Studies have shown that up to 25% of the population somtimes have difficulties reading normal informational text. 7–8% of the population has so severe reading difficulties that easy-to-read material is the only possibility for them to read texts. (http://www.lattlast.se/om-oss)
The group of people with reading difficulties is very diverse, they can be dyslectic, deaf, elderly, immigrants och school children. They can also have cognitive disabilities, such as autism, aphasia, dementia, or intellectual disabilities. Research have shown that especially this latter group can be helped by supportive AAC symbols, such as Blissymbolics (http://www.blissymbolics.org).
There is an easy-to-read variant of the English Wikipedia, called the "Simple English Wikipedia" (http://simple.wikipedia.org). The articles are not automatically simplified from the standard Wikipedia, but they are manually crowd-sourced like all other Wikipedias.
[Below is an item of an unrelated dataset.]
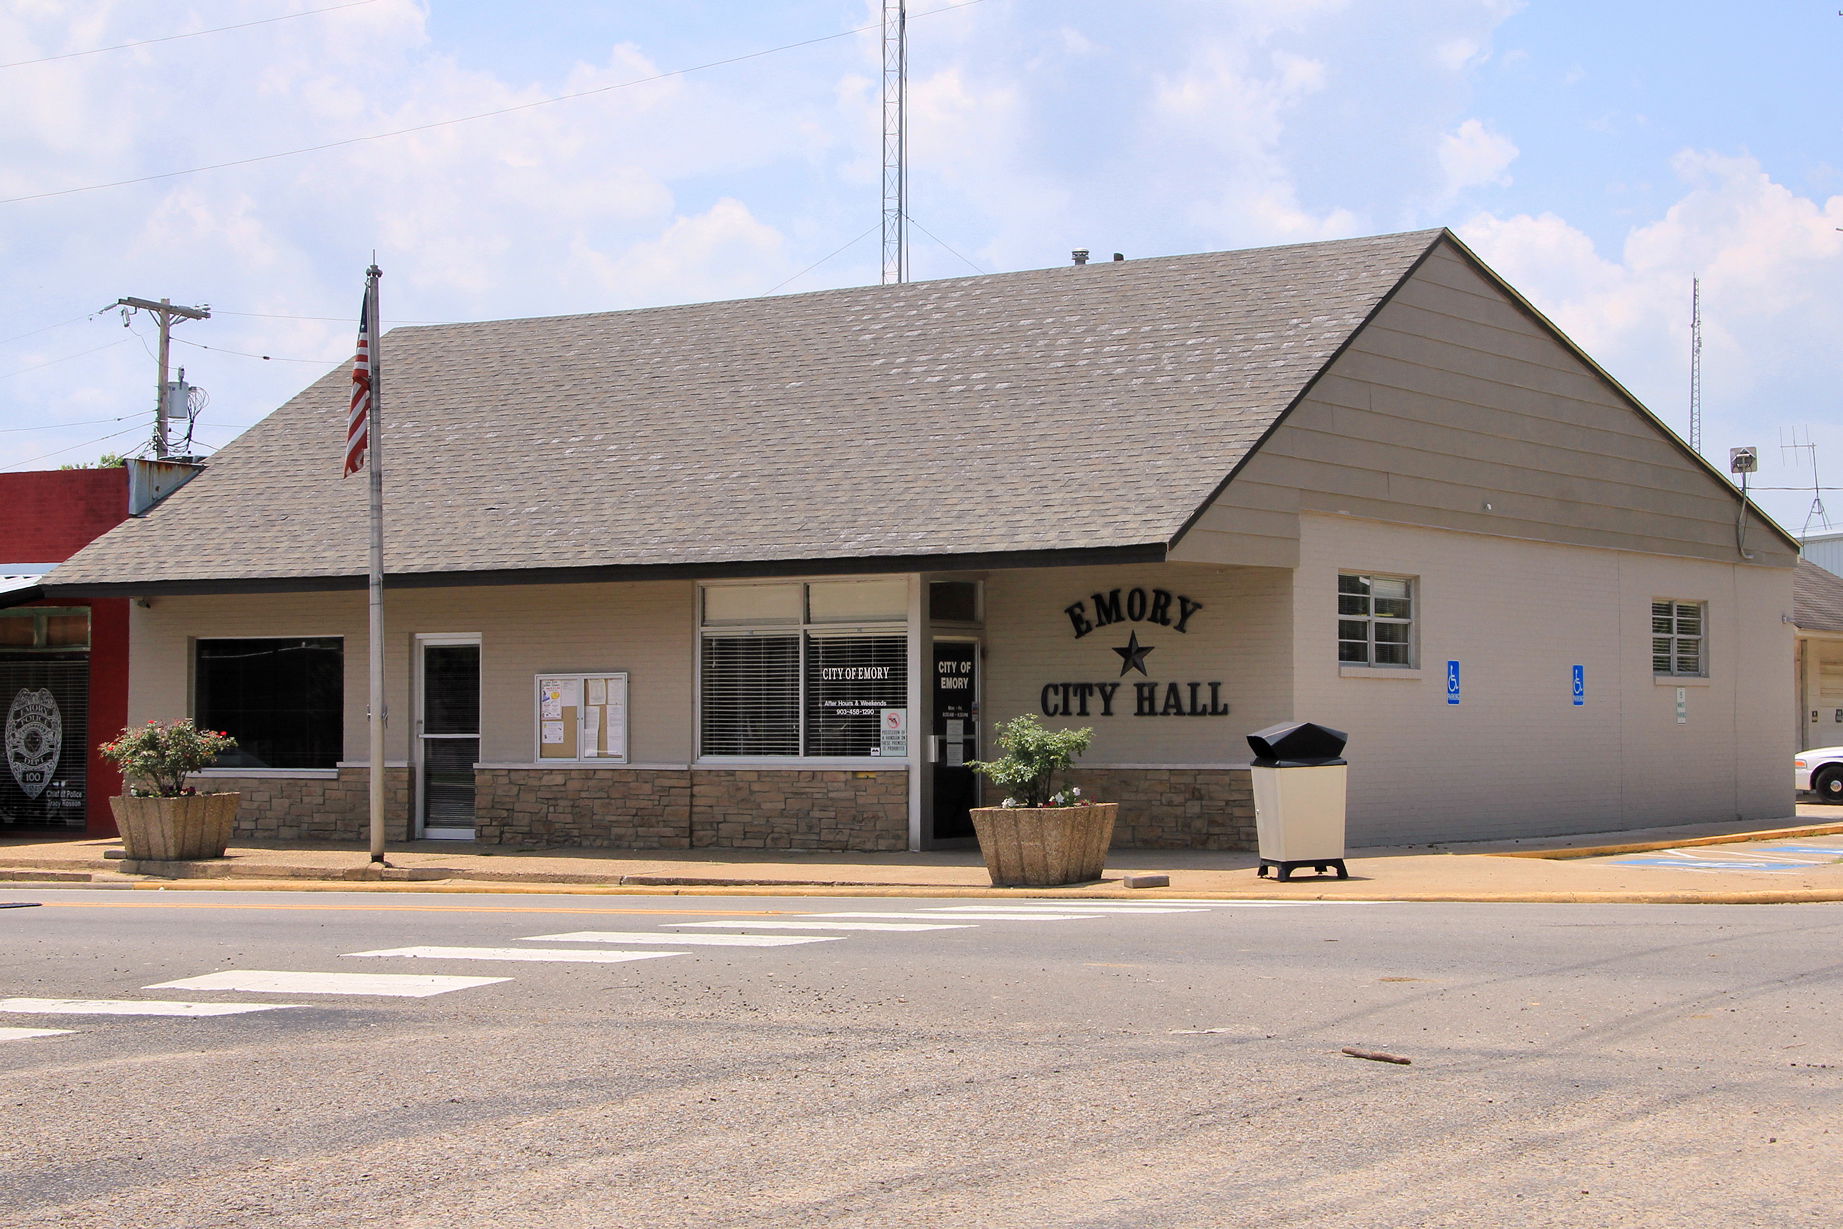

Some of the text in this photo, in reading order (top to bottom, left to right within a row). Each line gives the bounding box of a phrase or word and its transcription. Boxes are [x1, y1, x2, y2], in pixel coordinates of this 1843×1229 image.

In this project you will enhance the Simple English Wikipedia with supportive AAC symbols. You will create a tool (either a server-based web service, or a stand-alone program, or an auto-generated web site), which is a mirror of Wikipedia, but where the text is enhanced by AAC symbols. Like this:
The tool should read the text of a given Wikipedia article and process it to find out which symbols and where they should be attached. The text must be sentence segmented, POS tagged and parsed, to find out the main verbs and other important words and grammatical relations. Then it can look up each word, or a synonym or a hypo-/hypernym, in a symbol dictionary. The resulting text should then be displayed for the user.
There are lots of extra things that can be added. One example is to use a Named Entity Extraction module to find names, and then try to match them with pictures or logos. Another example is to make use of the Wikipedia links to find a suitable picture that can be shown together with the link.
You will only use existing NLP components for tagging, parsing etc. But there will be a lot of programming to make the components work well together. NLTK can probably be used a lot, but there will certainly be things that you have to solve outside of NLTK.
If you work hard and make a good project, you stand a good chance to get a paper published in the International Workshop on Speech and Language Processing for Assistive Technologies (http://www.slpat.org/slpat2013).
Peter Ljunglöf, Department of Computer Science and Engineering (Data- och informationsteknik).